Melissa Esquibel, a Microsoft certified trainer and contributing editor for Business Management Daily’s Office Technology Today newsletter, shares five tips to shave wasted time off your day with Microsoft Office in the video below:


Tip #1: Creating templates. In Excel, PowerPoint and Word, if you take all of your hard work and just do it once by clicking on File, Save As, Save as type: Template, you’re going to shave hours off of all that deleting you do. Opening up an old document, deleting the stuff you don’t need and using it again takes unnecessary time.

Tip #2: Quick Parts. Quick Parts in Outlook 2010 enables you to work fast. You can take a five-click process and turn it into one click. If you always folder a certain type of email, forward it to a colleague and then mark it for follow up, you can do all three of those things at once in a Quick Part.

Tip #3: Rapid-fire PowerPoint. A lot of you get the request, “Can you make a PowerPoint presentation for me?” Right away you’re looking at five or six hours of your day just spent in PowerPoint. When you’re in PowerPoint and you see all of your slide thumbnails on the left, look for the tab called Outline. You can just start typing your outline right there. You’re going to tab for each bullet and shift-tab for each new slide. When you go back to your slide thumbnails, your slide presentation will be all laid out for you.

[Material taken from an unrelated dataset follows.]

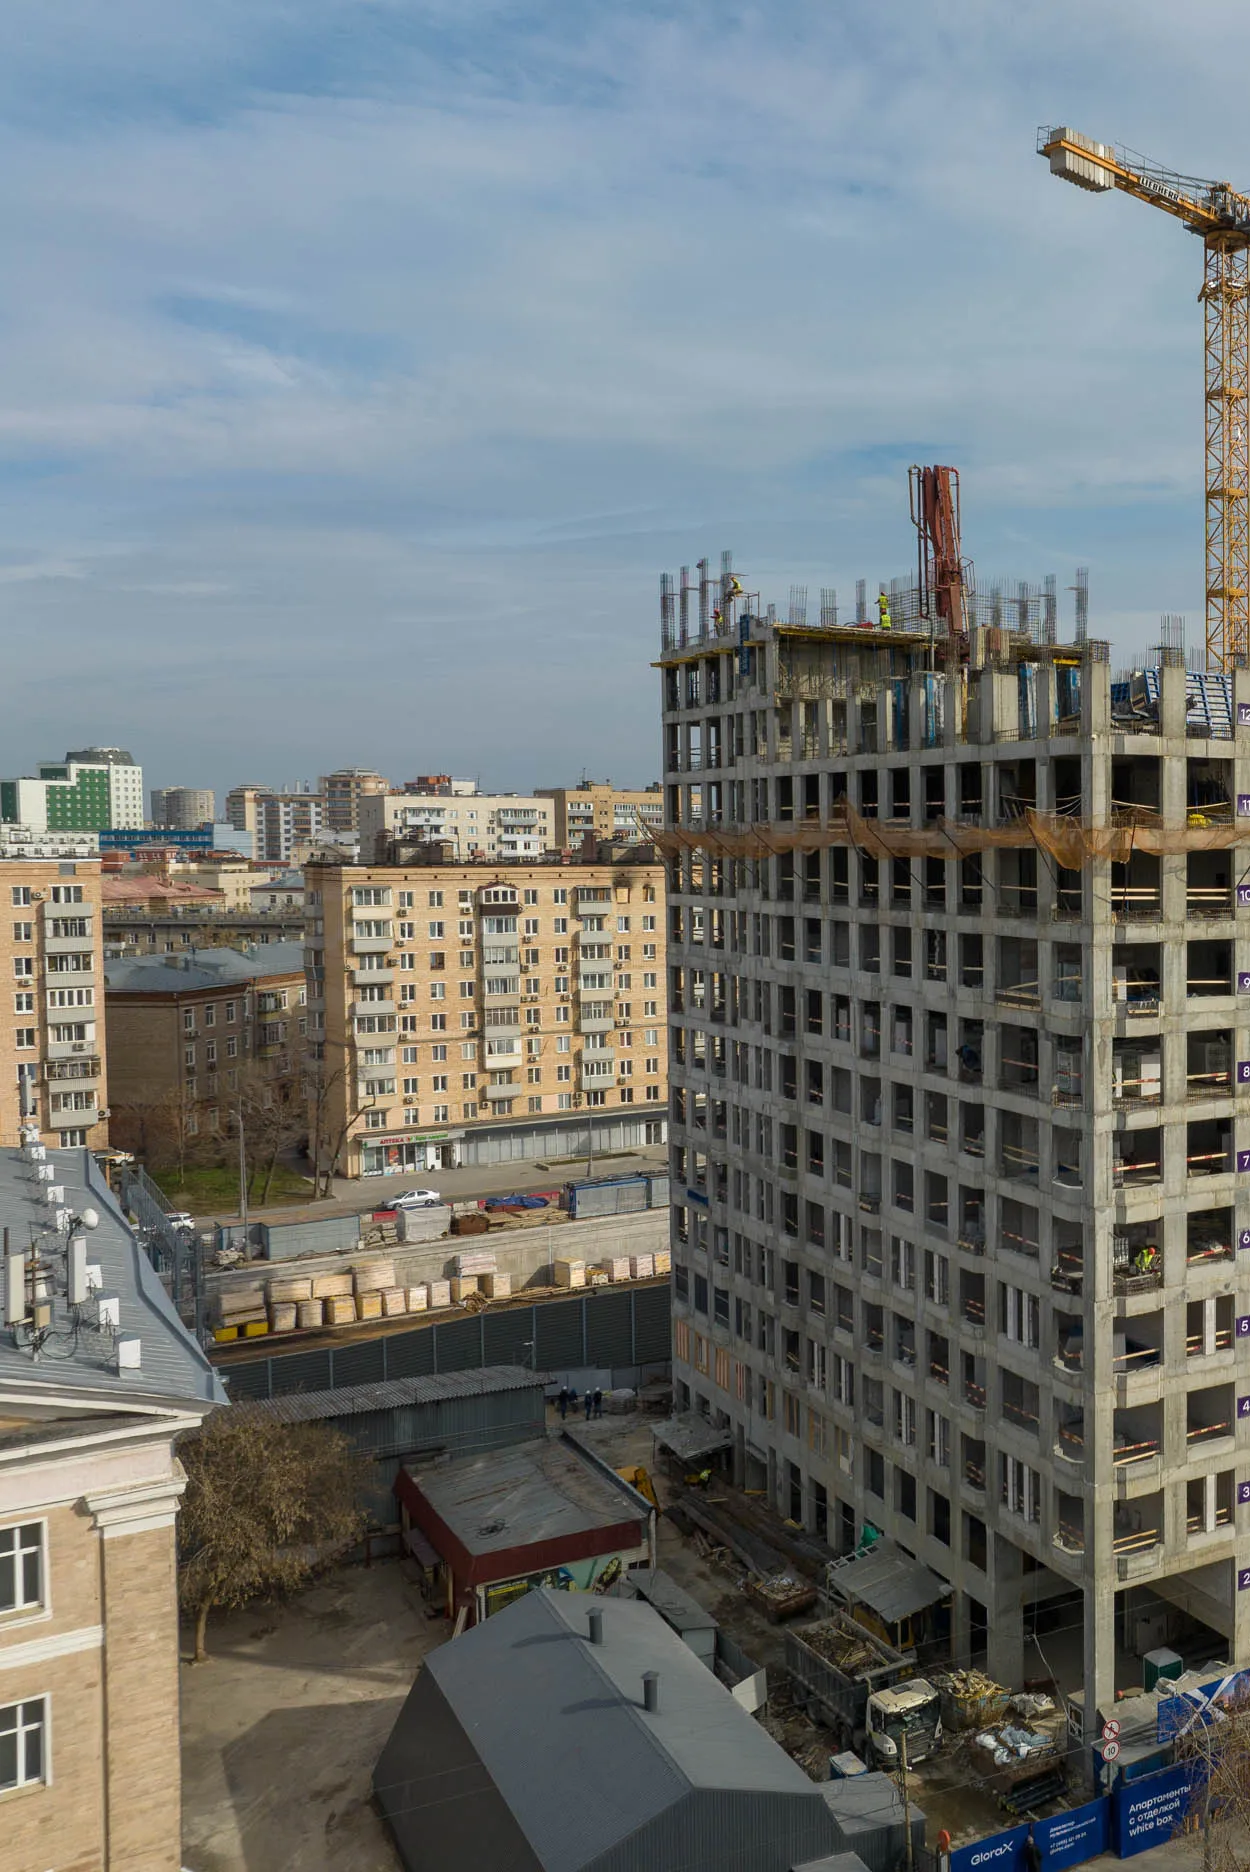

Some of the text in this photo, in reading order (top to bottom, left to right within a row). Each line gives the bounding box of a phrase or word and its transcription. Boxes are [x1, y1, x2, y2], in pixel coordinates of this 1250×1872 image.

Tip #4: Excel tables. In Excel 2007, 2010 and 2013 on the Home tab in the Styles group, you’ll see a button called table styles. If you click on that, you will instantly get filters, banded rows, banded columns and even a total row where you don’t have to type in any formulas — you just tell it what you want. Tables are a huge time saver and a problem solved for many of you with the lists that you use.

Tip #5: Outlook Rules. You know you’re getting emails that you don’t actually read right away, so you’re going to folder them to read later. Why even let them come to your inbox? You can write a rule that knows the subject, the sender and even content right in that email. Based on that criteria, Outlook will automatically folder it for you.